Now let’s add their graphics. Can you predict how this candidate will perform from this information? Here are the meanings of these findings and what they measure.
Now let’s take a look at just the dashboard – page 2 – from OMG’s Sales Candidate Assessment for the same candidate.
You can very quickly see that from the top down, the candidate has grit – the Will to Sell (Desire and Commitment for success in sales), borderline supportive Sales DNA (the combination of sales strengths), some very strong sales competencies (hunting, consultative selling, qualifying and posturing), some mediocre sales competencies (closing and account management), and a clear weakness at farming in major accounts. The overall score – Sales Quotient – is 126 on a scale of 173 – making the candidate serviceable at best. A strong salesperson (only 20% of these) has a sales quotient of 130 to 139 and an elite salesperson (only 6% of these) has a sales quotient of 140 or higher. Why is this candidate only a 126 when he has true grit and some great selling competency scores? It’s the Sales DNA. While this salesperson will be able to add opportunities to the pipeline with his strong hunting skills, and gain some traction with his strong consultative and qualifying skills, his combination of Sales DNA weaknesses will prevent him from being able to talk about budgets and finances, and he will empathize with comparison shoppers, price shoppers, and prospects that give him put-offs instead of decisions (all 3 of these are from the Supportive Buy Cycle strand of Sales DNA which present as a huge weakness).
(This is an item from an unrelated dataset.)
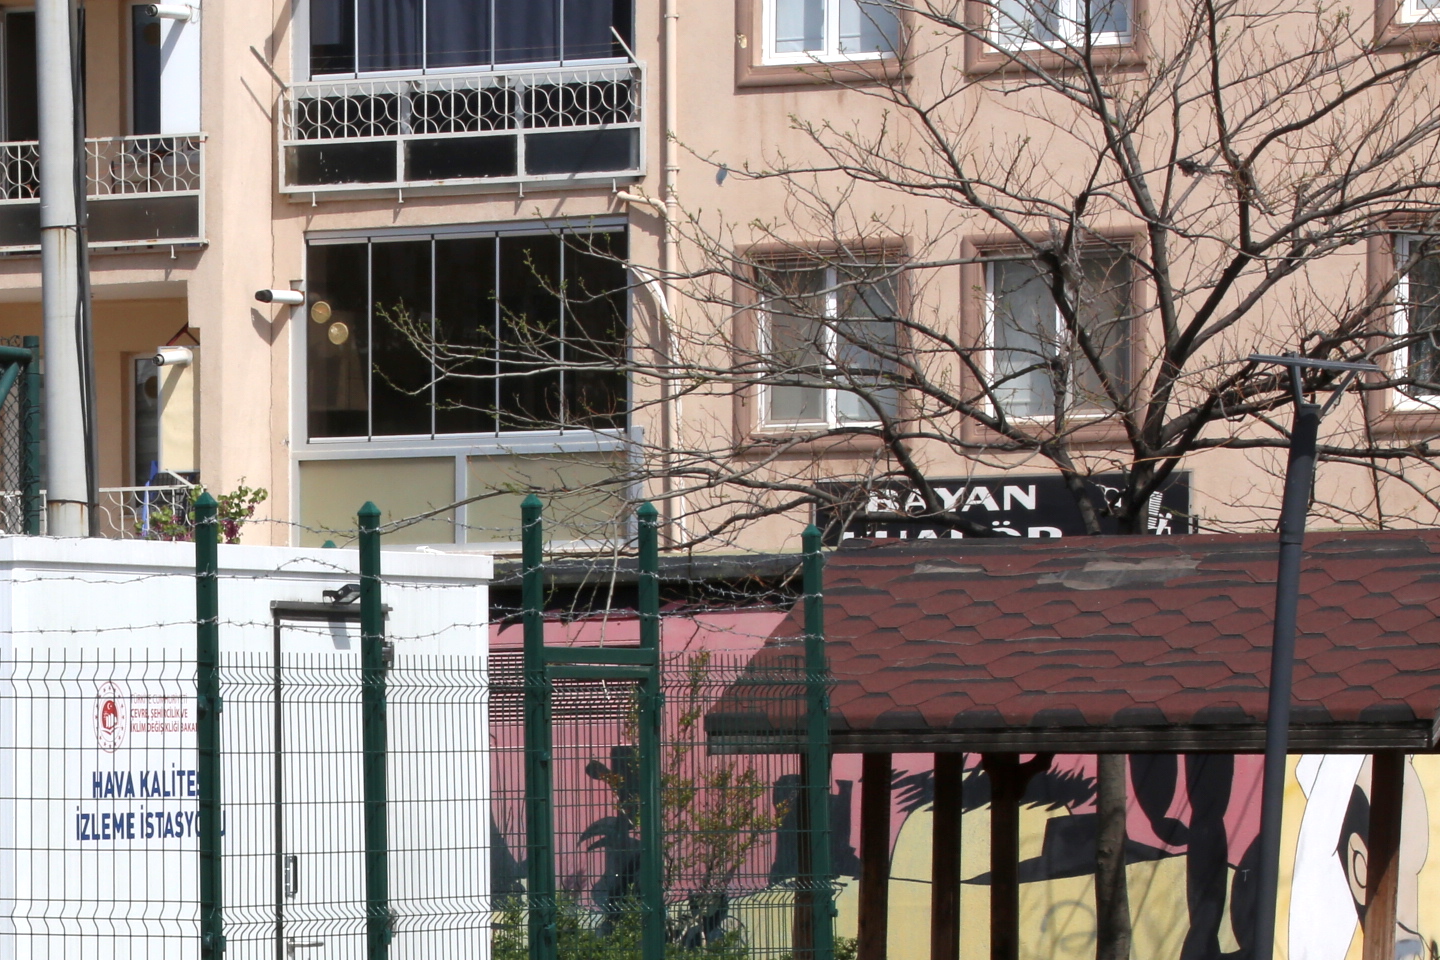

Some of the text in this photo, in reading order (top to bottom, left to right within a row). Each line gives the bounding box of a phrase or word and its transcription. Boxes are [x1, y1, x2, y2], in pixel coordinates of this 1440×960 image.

He applied for an industrial territory manager role – one that is not very challenging – so he is worthy of consideration – for that role. However, if this were a more complex sale, selling more expensive products or services to a senior level of decision maker with more sophisticated competition, he would not have been worthy or recommended.
Which assessment would you rather use? 75% of the candidates that aren’t recommended by OMG, who somehow get hired anyway (think love fest) fail inside of 6 months. 92% of the candidates that are recommended and hired rise to the top half of the sales force within 12 months. That’s predictive!